HOW TO COMPLETE THIS TASK
Within the listing below, the lines to output run from the one containing "Some of the text" through the one containing "this 1600×900 image."; copy them exactly and nothing else.

DATASET RECORDS
--- --- ---

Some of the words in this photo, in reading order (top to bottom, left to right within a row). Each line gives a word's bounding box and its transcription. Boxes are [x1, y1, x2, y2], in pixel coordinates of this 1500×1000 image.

--- --- ---

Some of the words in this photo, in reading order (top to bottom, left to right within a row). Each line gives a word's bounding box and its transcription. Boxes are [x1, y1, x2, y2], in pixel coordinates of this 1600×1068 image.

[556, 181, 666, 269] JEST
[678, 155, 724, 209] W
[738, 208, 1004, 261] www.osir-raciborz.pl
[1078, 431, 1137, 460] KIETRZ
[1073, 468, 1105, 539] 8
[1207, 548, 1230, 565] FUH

--- --- ---

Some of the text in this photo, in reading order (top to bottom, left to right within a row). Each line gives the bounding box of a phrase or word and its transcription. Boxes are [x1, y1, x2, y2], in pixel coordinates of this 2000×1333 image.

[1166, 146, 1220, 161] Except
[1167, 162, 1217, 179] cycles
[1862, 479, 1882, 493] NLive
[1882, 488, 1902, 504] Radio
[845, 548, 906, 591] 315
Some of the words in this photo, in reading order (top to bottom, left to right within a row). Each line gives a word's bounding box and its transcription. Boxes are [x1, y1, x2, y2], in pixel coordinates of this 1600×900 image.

--- --- ---

ANSWER TO THE PROBLEM
Some of the text in this photo, in reading order (top to bottom, left to right within a row). Each line gives the bounding box of a phrase or word and its transcription. Boxes are [x1, y1, x2, y2], in pixel coordinates of this 2000×1333 image.

[1166, 146, 1220, 161] Except
[1167, 162, 1217, 179] cycles
[1862, 479, 1882, 493] NLive
[1882, 488, 1902, 504] Radio
[845, 548, 906, 591] 315
Some of the words in this photo, in reading order (top to bottom, left to right within a row). Each line gives a word's bounding box and its transcription. Boxes are [x1, y1, x2, y2], in pixel coordinates of this 1600×900 image.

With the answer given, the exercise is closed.